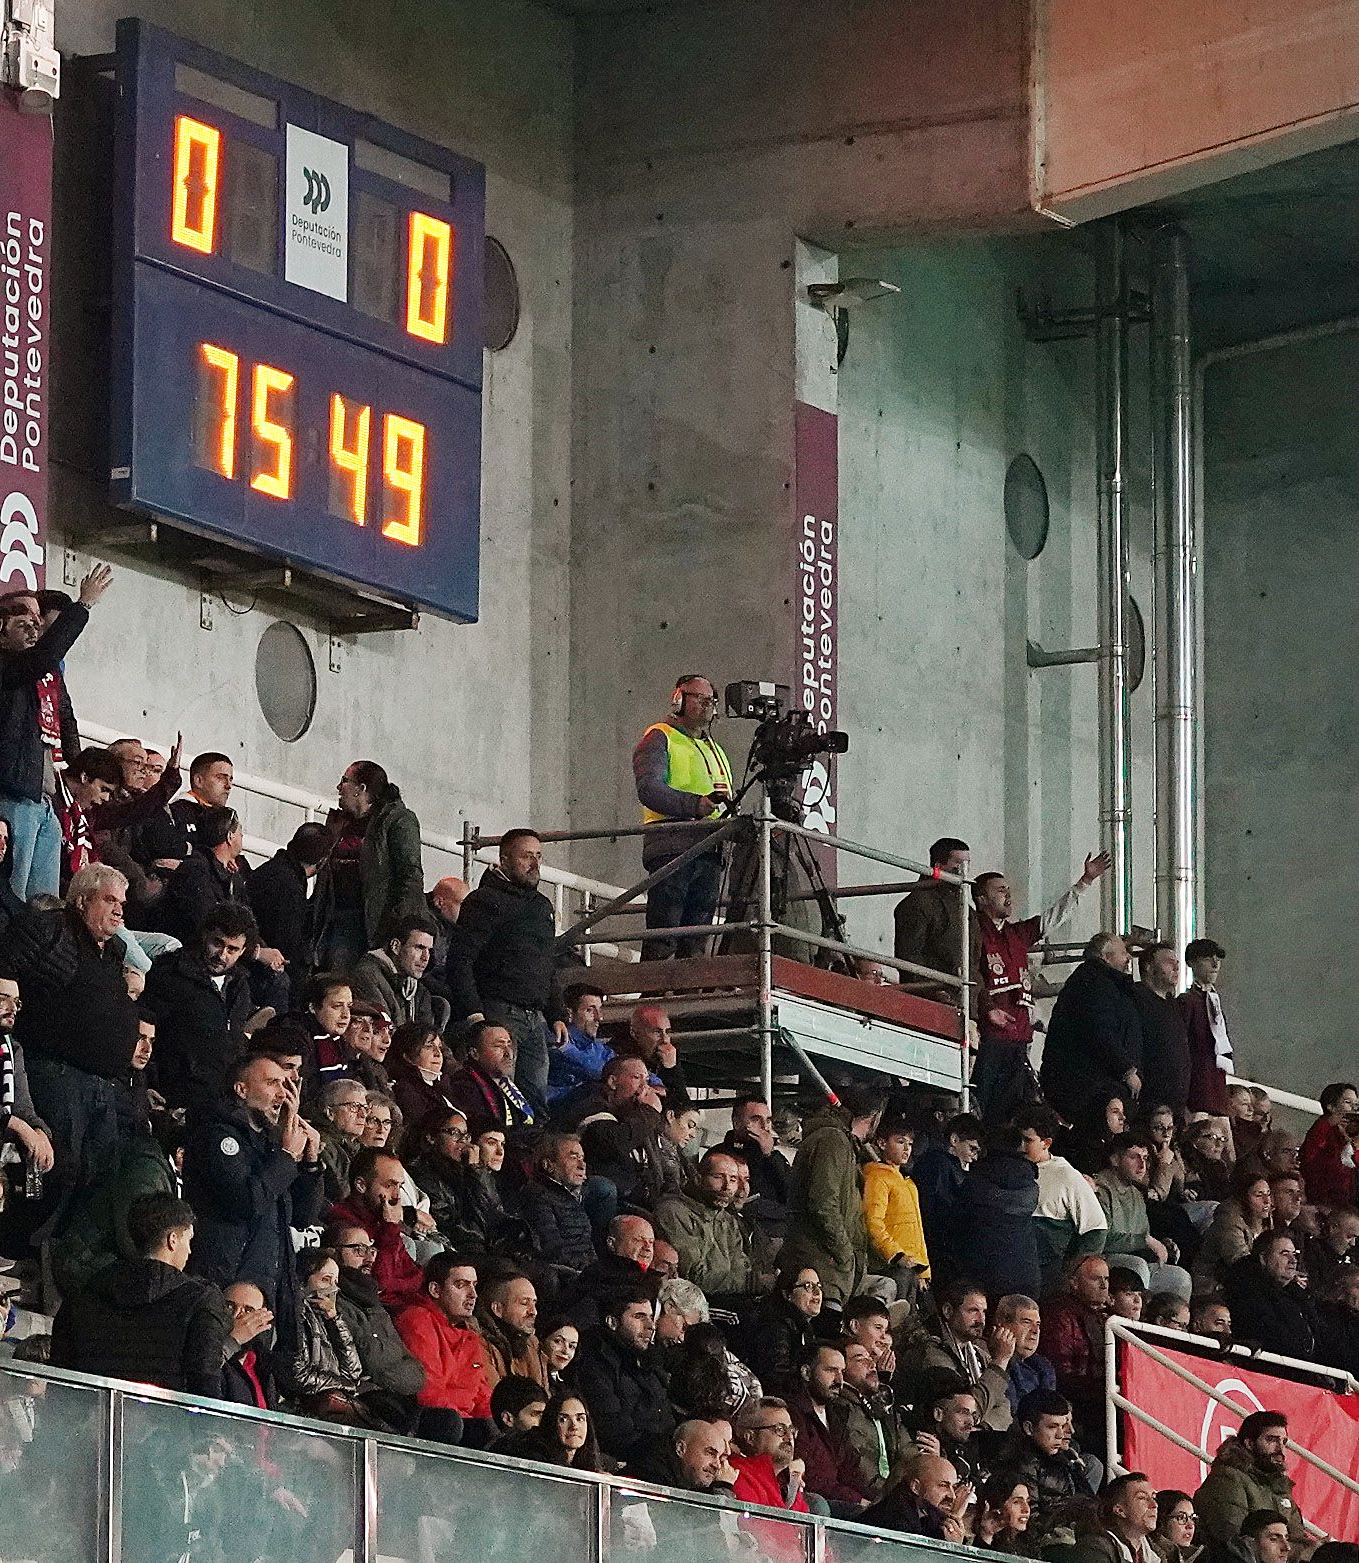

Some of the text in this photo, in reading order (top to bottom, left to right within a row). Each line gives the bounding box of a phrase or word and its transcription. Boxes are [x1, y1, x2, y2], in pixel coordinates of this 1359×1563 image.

[171, 114, 222, 255] 0
[291, 213, 342, 243] Deputación
[291, 229, 342, 258] Pontevedra
[0, 211, 25, 466] Deputación
[22, 217, 45, 473] Pontevedra
[405, 210, 451, 345] 0
[200, 342, 426, 547] 75 49
[799, 514, 819, 729] eputación
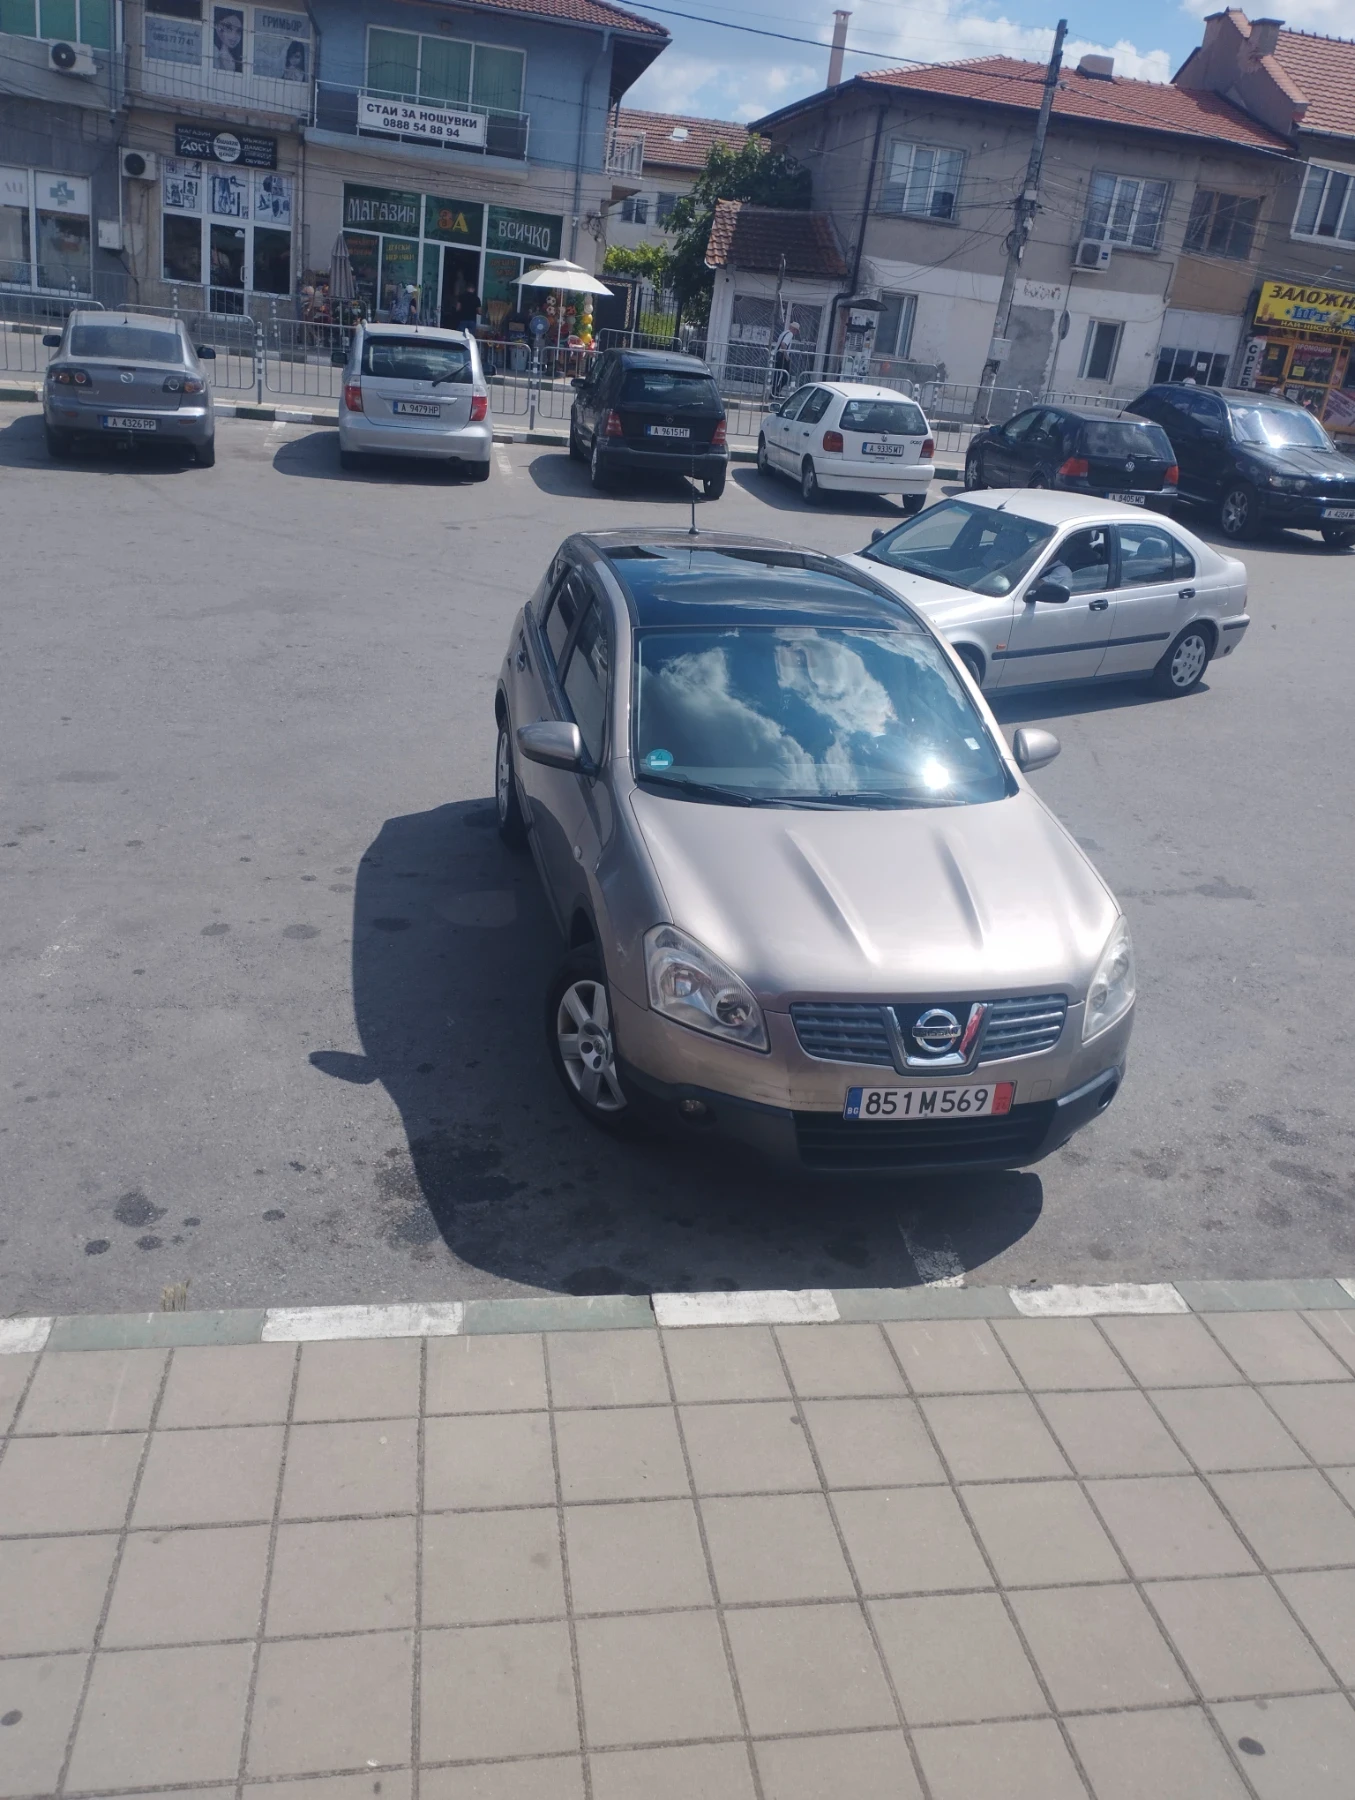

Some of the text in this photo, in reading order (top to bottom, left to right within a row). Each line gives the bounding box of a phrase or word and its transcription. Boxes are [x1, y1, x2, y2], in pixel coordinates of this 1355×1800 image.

[366, 103, 478, 128] СТАИ ЗА НОЩУВКИ
[178, 128, 211, 137] МАГАЗИН
[382, 118, 460, 137] 0888 54 88 94
[348, 198, 551, 252] МАГАЗИН ЗА ВСИЧКО
[1295, 343, 1332, 354] ПРОМОЦИЯ
[847, 1107, 859, 1115] BG
[865, 1088, 989, 1115] 851M569

◆ ◆ ◆ ◆

> [Work item]: Leaving the pictures aside, output each entry above exactly as written.

> [Your response]:
Some of the text in this photo, in reading order (top to bottom, left to right within a row). Each line gives the bounding box of a phrase or word and its transcription. Boxes are [x1, y1, x2, y2], in pixel coordinates of this 1359×1563 image.

[171, 114, 222, 255] 0
[291, 213, 342, 243] Deputación
[291, 229, 342, 258] Pontevedra
[0, 211, 25, 466] Deputación
[22, 217, 45, 473] Pontevedra
[405, 210, 451, 345] 0
[200, 342, 426, 547] 75 49
[799, 514, 819, 729] eputación

Some of the text in this photo, in reading order (top to bottom, left to right within a row). Each line gives the bounding box of a phrase or word and its transcription. Boxes are [x1, y1, x2, y2], in pixel coordinates of this 1355×1800 image.

[366, 103, 478, 128] СТАИ ЗА НОЩУВКИ
[178, 128, 211, 137] МАГАЗИН
[382, 118, 460, 137] 0888 54 88 94
[348, 198, 551, 252] МАГАЗИН ЗА ВСИЧКО
[1295, 343, 1332, 354] ПРОМОЦИЯ
[847, 1107, 859, 1115] BG
[865, 1088, 989, 1115] 851M569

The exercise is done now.